WHAT’S BEING CLAIMED:
- On Monday, scientists revealed that melting permafrost could release large volumes of mercury which is seriously harmful to human health.
- There is more mercury trapped in the permafrost, the Arctic’s frozen soil, than the rest of all soils, the atmosphere, and ocean combined.
- As humans make the climate warmer, they endanger melting the permafrost, releasing carbon that would worsen global warming further, expediting the thawing of the Arctic.
Permafrost is “a thick layer of soil that is permanently frozen throughout the year.” In a study published in the journal Geophysical Research Letters, U.S. government scientists wrote that the Arctic’s permafrost contains 32 million gallons worth of toxic mercury.
Mercury is a toxic metallic element produced when humans burn coal. Although naturally occurring it is damaging to both humans and wildlife.
Kevin Schaefer, a co-author of the study and a scientist with the National Snow and Ice Data Center in Colorado said: “As permafrost thaws in the future, some portion of this mercury will get released into the environment, with unknown impact to people and our food supplies.”
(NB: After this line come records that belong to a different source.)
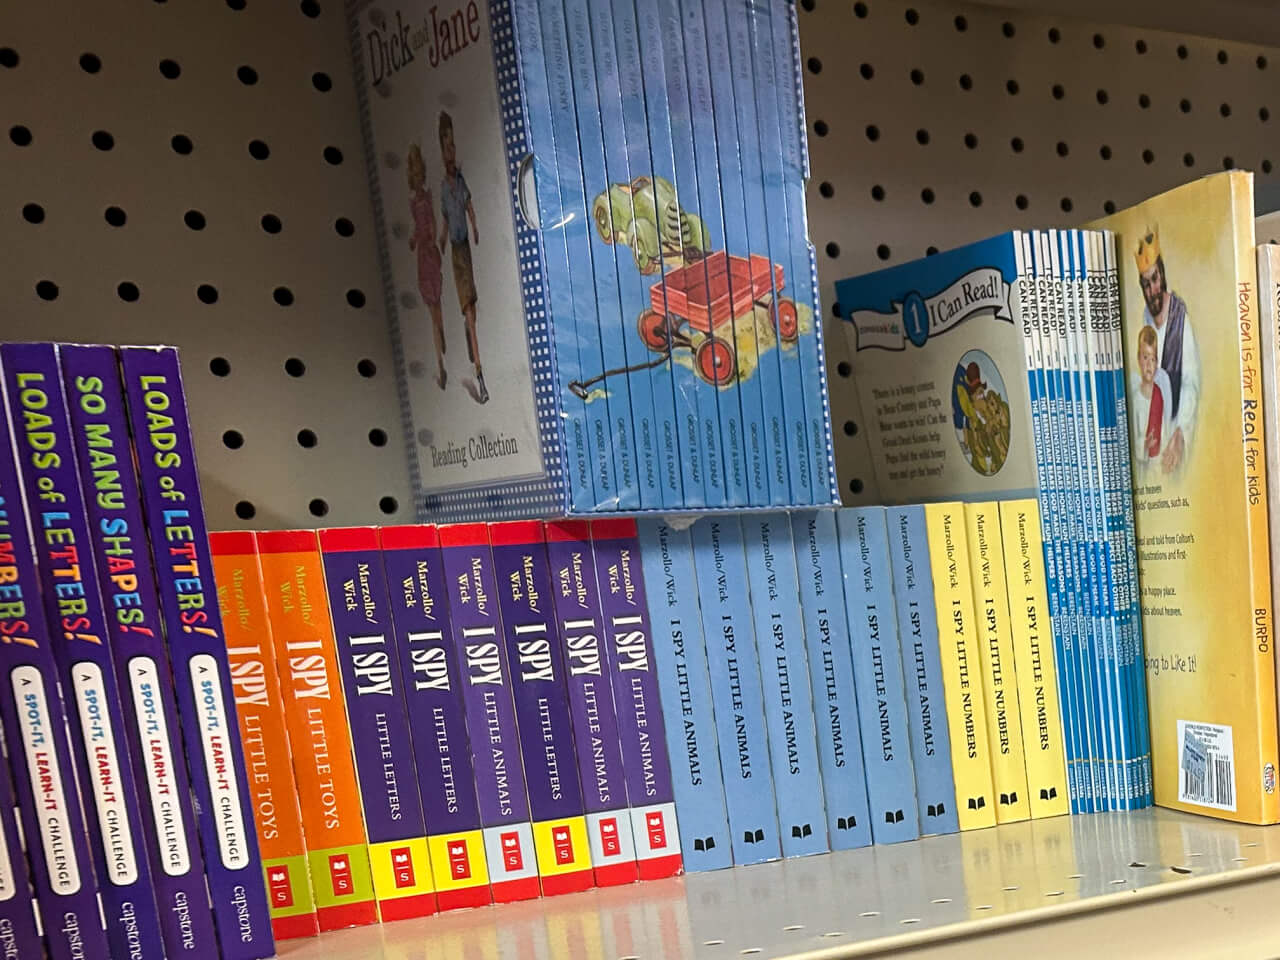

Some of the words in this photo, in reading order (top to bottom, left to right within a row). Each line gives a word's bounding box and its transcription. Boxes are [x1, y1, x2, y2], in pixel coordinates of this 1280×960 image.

[366, 12, 415, 88] Dick
[411, 28, 431, 52] and
[427, 2, 482, 70] Jane
[908, 304, 920, 335] 1
[929, 305, 938, 327] I
[939, 301, 963, 322] Can
[962, 277, 1000, 302] Read!
[1238, 282, 1251, 342] Heaven
[1241, 350, 1251, 362] is
[1242, 368, 1257, 394] for
[16, 373, 61, 469] LOADS
[1242, 399, 1259, 443] Real
[430, 444, 466, 469] Reading
[465, 437, 519, 464] Collection
[1245, 446, 1257, 471] for
[38, 477, 66, 503] of
[75, 376, 107, 415] SO
[101, 518, 154, 637] SHAPES!
[1247, 475, 1259, 505] kids
[42, 512, 102, 645] LETTERS!
[710, 522, 729, 604] Marzollo/Wick
[343, 579, 356, 612] Wick
[357, 563, 379, 624] Marzollo/
[349, 634, 386, 647] I
[723, 624, 737, 654] SPY
[1254, 608, 1269, 653] BURPO
[21, 678, 32, 686] A
[351, 651, 394, 697] SPY
[727, 657, 743, 712] LITTLE
[1161, 656, 1169, 668] to
[1171, 655, 1186, 672] Like
[24, 694, 45, 748] SPOT-IT,
[375, 712, 392, 761] LITTLE
[306, 708, 332, 775] LITTLE
[319, 783, 340, 830] TOYS
[734, 716, 752, 779] ANIMALS
[35, 753, 58, 811] LEARN-IT
[382, 763, 402, 821] LETTERS
[48, 818, 70, 888] CHALLENGE
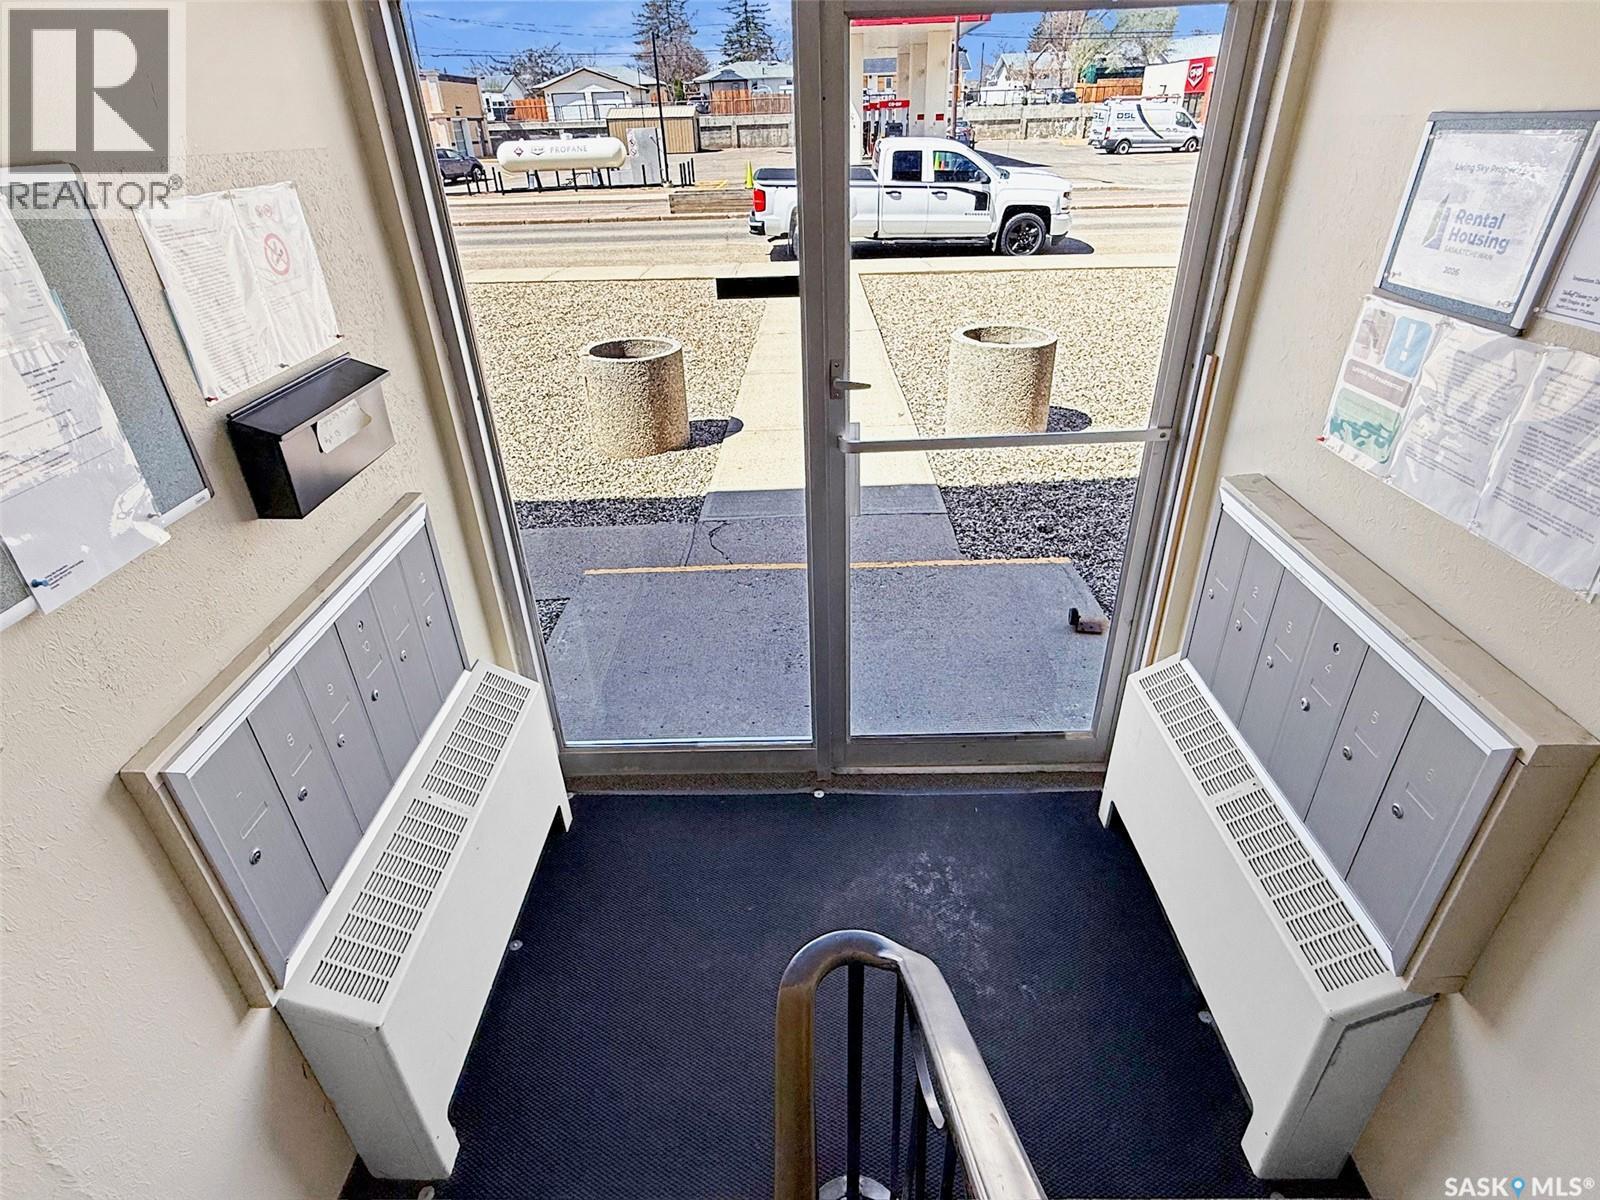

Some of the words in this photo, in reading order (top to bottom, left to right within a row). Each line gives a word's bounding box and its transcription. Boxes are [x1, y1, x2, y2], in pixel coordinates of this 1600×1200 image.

[550, 145, 588, 153] PROPANE
[1455, 209, 1506, 230] Rental
[1448, 226, 1510, 255] Housing
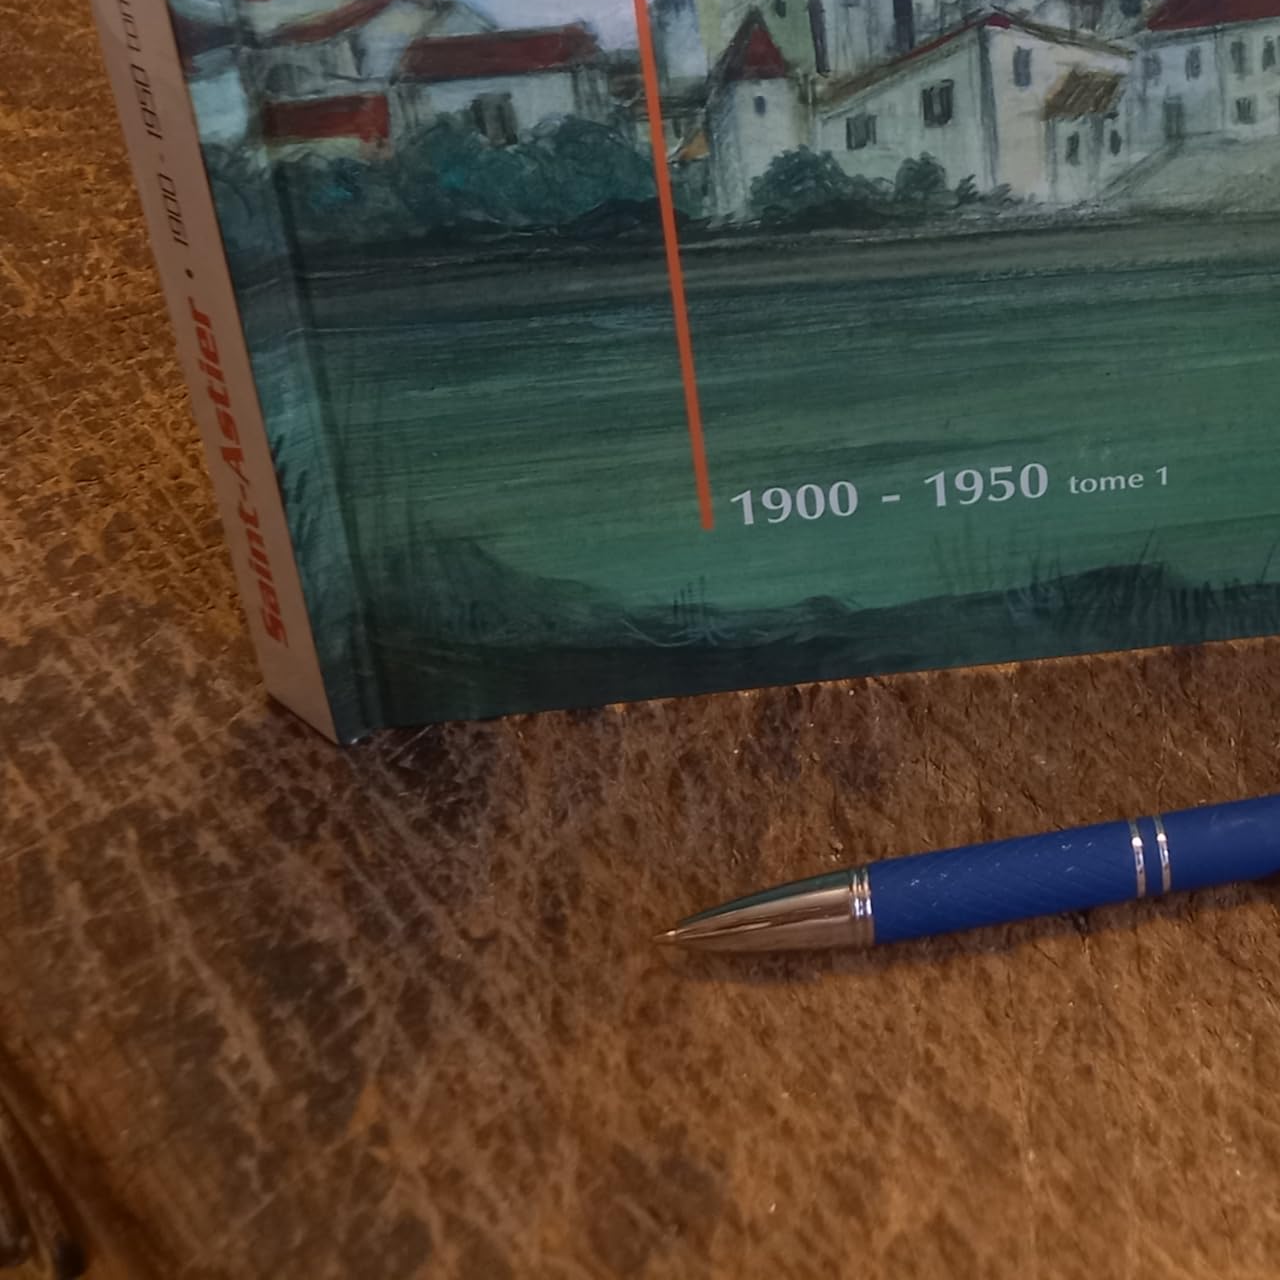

The research, led by Paul Schuster, a scientist with the U.S. Geological Survey, was performed by taking samples from permafrost across Alaska. Mercury levels were measured and then extrapolated to find out how much mercury is stored in permafrost worldwide.
“We figure that this represents the buildup of mercury during and since the last Ice Age,” Schaefer explained.
When plants decompose, mercury is released back into the atmosphere. But most plants do not completely decompose in the Arctic. Their roots froze and then become buried suspending mercury within them. When the permafrost melts, mercury can be released.
Permafrost melting has started in some areas and considering the current emissions levels, scientists predict that it will continue over the course of the century. By the year 2100, permafrost could reduce to 30 to 99 percent.
Mercury released could be flushed out through rivers into the Arctic Ocean and/or it could enter the atmosphere. The scientists say they are not certain.
“We expect a bunch of it to be released, but we don’t know exactly how much, and when, and where it will be released,” Schaefer said.
When mercury reaches any form of water, it enters the food chain. For instance, fish could feed off smaller organisms that accumulated toxic mercury. And when humans eat mercury-loaded fish in large quantities, it can be hazardous, particularly to pregnant women.